UNIVERSITY PARK, Pa. — The microelectronics industry is nearing a tipping point. The silicon chips at the heart of everyday electronic devices are reaching their performance limits, increasing the need for new materials and technologies to continue making faster and more efficient devices.
To help address this challenge, Penn State researchers are working with the Defense Advanced Research Projects Agency as part of a larger grant awarded to Northrop Grumman, a defense, aerospace and technology company. It will receive $3 million from DARPA. This joint project aims to develop new methods for integrating gallium nitride, a high-performance semiconductor material, with silicon substrates. Gallium nitride offers superior performance and faster switching speeds for power-intensive applications, while silicon offers scalability and affordability. Researchers say this hybrid approach can deliver more efficient power electronics at lower production costs, making it ideal for high-demand applications such as electric vehicles, power electronics, and data centers where efficiency and durability are important. It’s perfect.
“Silicon is a common platform for microelectronics, but combining silicon with new semiconductor materials is difficult,” said Professor of Materials Science and Engineering and director of the 2D Crystal Consortium at Penn State’s Materials Research Institute (MRI). Director Joanne Redwing said. National Science Foundation Materials Innovation Platform and National User Facility. “Overcoming this will require new approaches to densely integrate silicon with advanced materials, and that’s exactly what this project is about. Our research with Northrup Grumman will It is designed to explore integrating gallium nitride directly onto silicon using the material as an interlayer.”
To accomplish this, Penn State will work with Northrup Grumman on heterogeneous integration, the process of combining materials with different properties to create more efficient devices. In this project, researchers will work on integrating gallium nitride and silicon.
Gallium nitride is a wide bandgap semiconductor, so it can withstand higher electric fields and withstand higher voltages and temperatures. Silicon is a low bandgap semiconductor, but it is cheap and benefits from an established silicon manufacturing infrastructure. Combining gallium nitride’s ability to handle high voltages and fast switching speeds with silicon, which is widely used in digital electronics, creates a chip that takes advantage of the best of both materials.
“Data centers are expected to require 160% more power by 2030, primarily due to the increased use of artificial intelligence,” said Joshua, professor of materials science and engineering and Penn State principal investigator on the DARPA project.・Mr. Robinson says. “Our work has the potential to reduce energy demand and contribute to a more sustainable future.”
The team’s research could also lead to smaller, faster and more efficient power electronics that manage the flow of electricity in everything from smartphones to washing machines. For consumers, this means lower energy bills and devices that generate less heat.
A potential hurdle is that traditional methods of integrating gallium nitride with silicon are complex and costly, often requiring interlayers that introduce thermal resistance and limit device performance. With a grant from DARPA, researchers at Penn State University are using 2D materials one to a few atoms thick, such as molybdenum disulfide and gallium selenide, as “seed layers” to deposit on industry-compatible silicon.
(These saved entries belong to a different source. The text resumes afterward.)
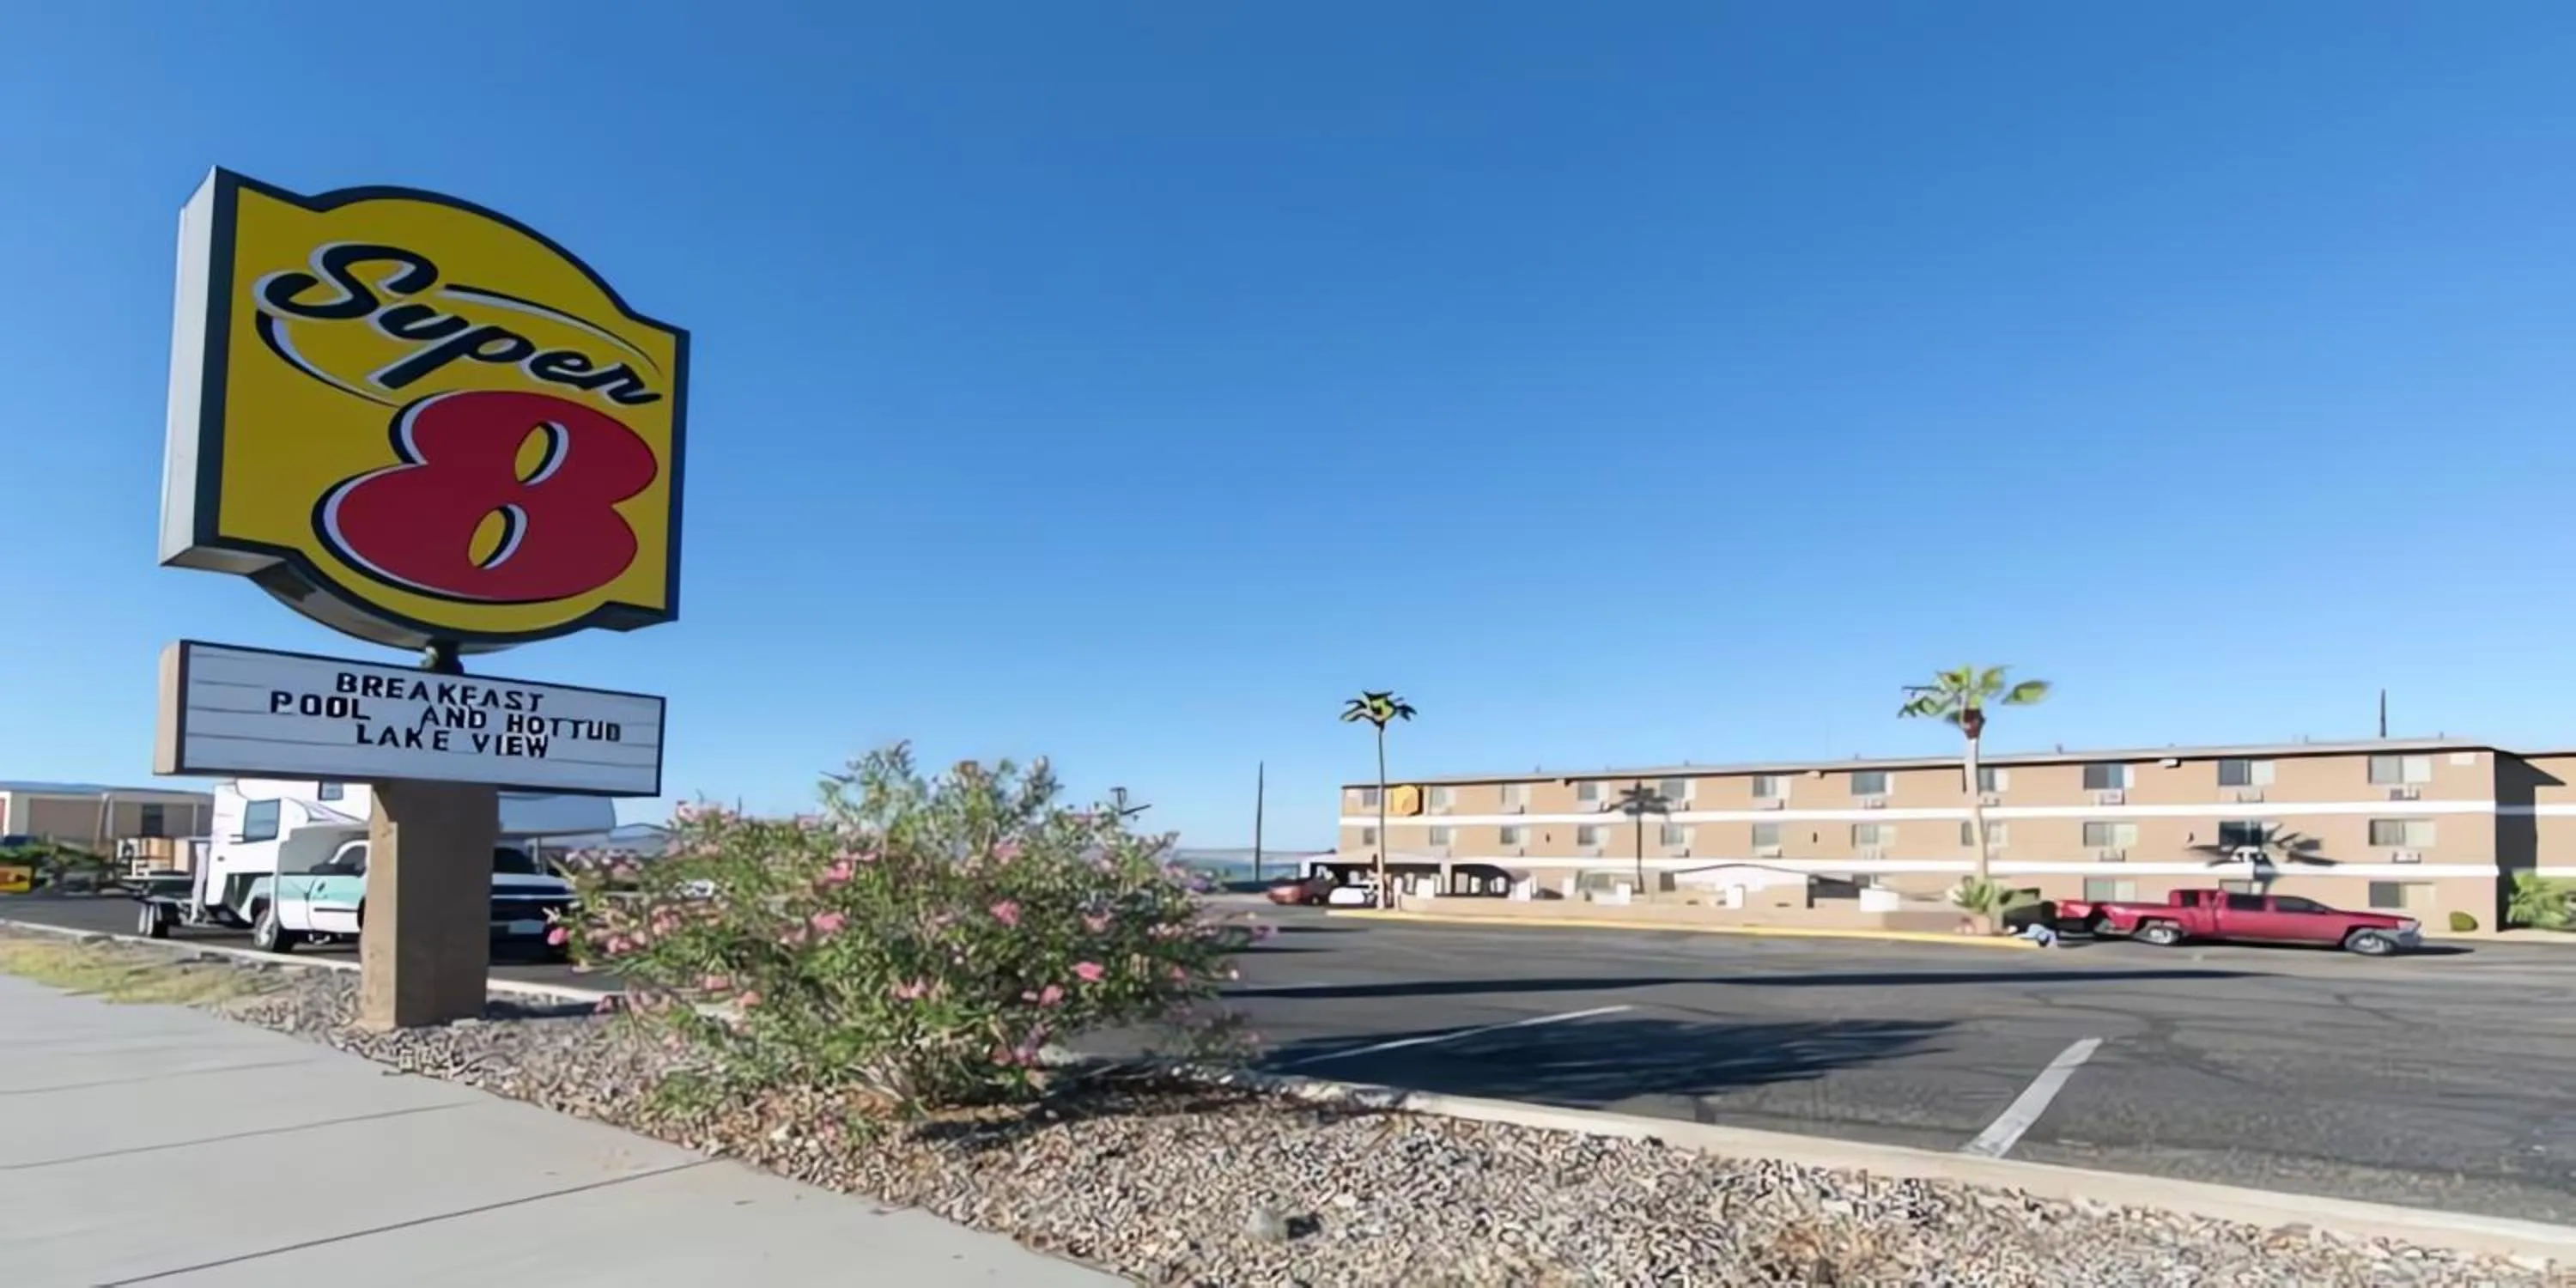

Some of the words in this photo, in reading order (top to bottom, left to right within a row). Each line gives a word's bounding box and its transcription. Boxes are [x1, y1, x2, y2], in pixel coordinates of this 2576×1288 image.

[252, 240, 664, 406] Super
[310, 390, 659, 605] 8
[270, 690, 372, 721] POOL
[421, 704, 487, 730] AND
[336, 671, 544, 713] BREAKFAST
[355, 721, 451, 752] LAKE
[471, 732, 550, 758] VIEW
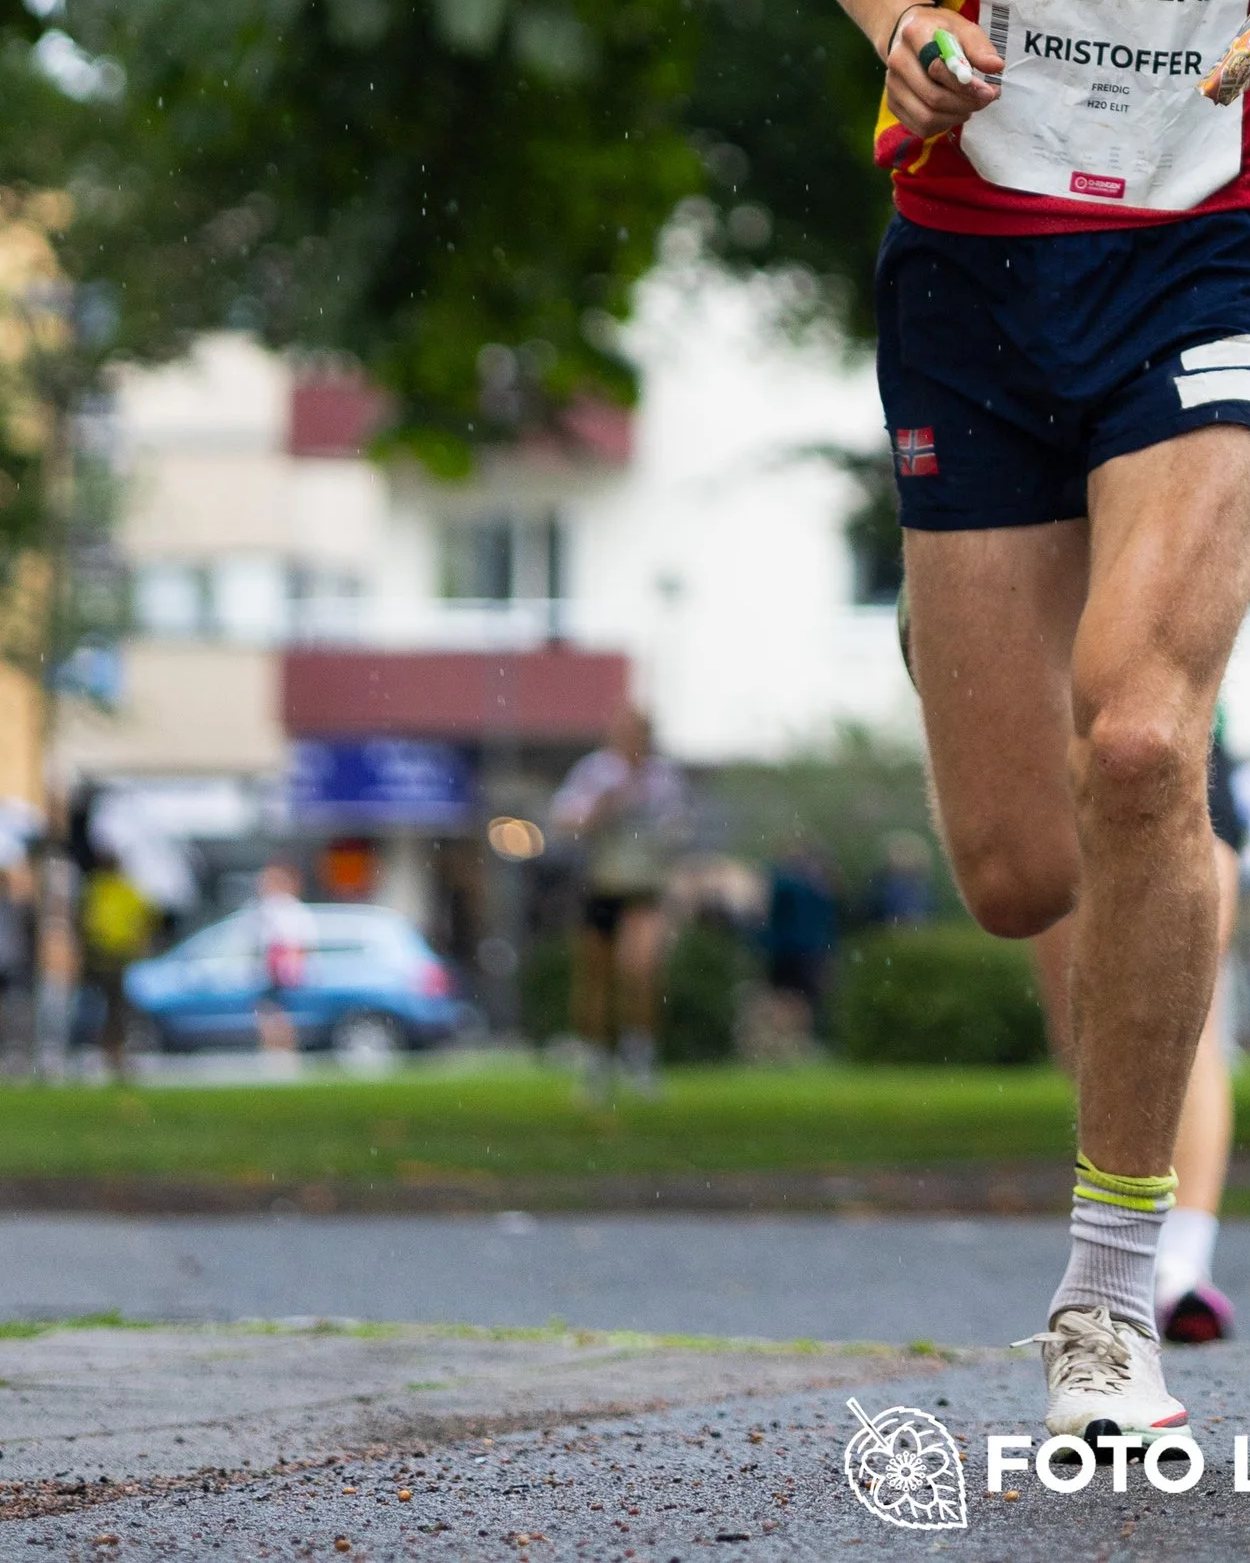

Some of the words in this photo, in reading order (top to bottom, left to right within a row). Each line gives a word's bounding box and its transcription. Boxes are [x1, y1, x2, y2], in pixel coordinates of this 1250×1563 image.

We aim to develop new solutions to grow gallium nitride (001). Silicon (001) is the preferred crystal orientation used in current semiconductor technology. The seed layer provides a template or foundation that influences the structure, orientation, and quality of the material grown on it.
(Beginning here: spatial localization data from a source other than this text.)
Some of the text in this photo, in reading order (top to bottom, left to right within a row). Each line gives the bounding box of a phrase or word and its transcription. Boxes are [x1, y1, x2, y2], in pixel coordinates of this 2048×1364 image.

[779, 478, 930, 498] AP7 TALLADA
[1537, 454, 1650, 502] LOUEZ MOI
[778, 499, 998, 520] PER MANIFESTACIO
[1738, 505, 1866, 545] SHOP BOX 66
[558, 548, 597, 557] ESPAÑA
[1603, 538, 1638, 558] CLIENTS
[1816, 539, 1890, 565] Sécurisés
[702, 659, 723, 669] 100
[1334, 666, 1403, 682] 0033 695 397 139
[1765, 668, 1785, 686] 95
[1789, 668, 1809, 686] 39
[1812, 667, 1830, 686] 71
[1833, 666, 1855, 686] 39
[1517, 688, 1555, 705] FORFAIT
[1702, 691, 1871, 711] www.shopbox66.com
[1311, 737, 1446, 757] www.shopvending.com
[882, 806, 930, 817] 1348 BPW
“Current approaches to integrating gallium nitride on silicon have too many drawbacks, from increased thermal resistance to challenges in manufacturing devices on silicon (001),” Robinson said. “By using a 2D material as a seed layer, we aim to solve these issues and develop a direct route to integrating gallium nitride on silicon with improved performance compared to current technology.” This has a direct impact on manufacturing costs and could enable more energy-efficient devices to enter the market.”
Robinson said Penn State’s leadership in 2D materials and advanced manufacturing makes it uniquely positioned to address this challenge, making it an ideal partner for major companies like Northrup Grumman. This project will leverage state-of-the-art infrastructure for the growth and characterization of 2D materials and wide bandgap semiconductors at Penn State.
“This program allows us to demonstrate that 2D materials may be the key to enabling advances in 3D semiconductors,” Robinson said. “By combining our expertise in 2D research with the real-world need for improved semiconductor performance, we are poised for years of innovation in heterogeneous integration.”
Robinson said the equipment and methodologies developed through this grant will be made available to other researchers through MRI’s user facilities, with the aim of fostering collaboration and innovation among various partners.
“This grant strengthens Penn State’s role as a leader in semiconductor research,” Redwing said. “This also demonstrates the value of partnerships between academia, industry, and government in solving complex challenges.”
Adri Van Duyn, distinguished professor of mechanical engineering, chemical engineering, engineering science and mechanics, chemistry, and materials science and engineering, and Lonmin Chu, professor of electrical engineering, are also participating in the DARPA project.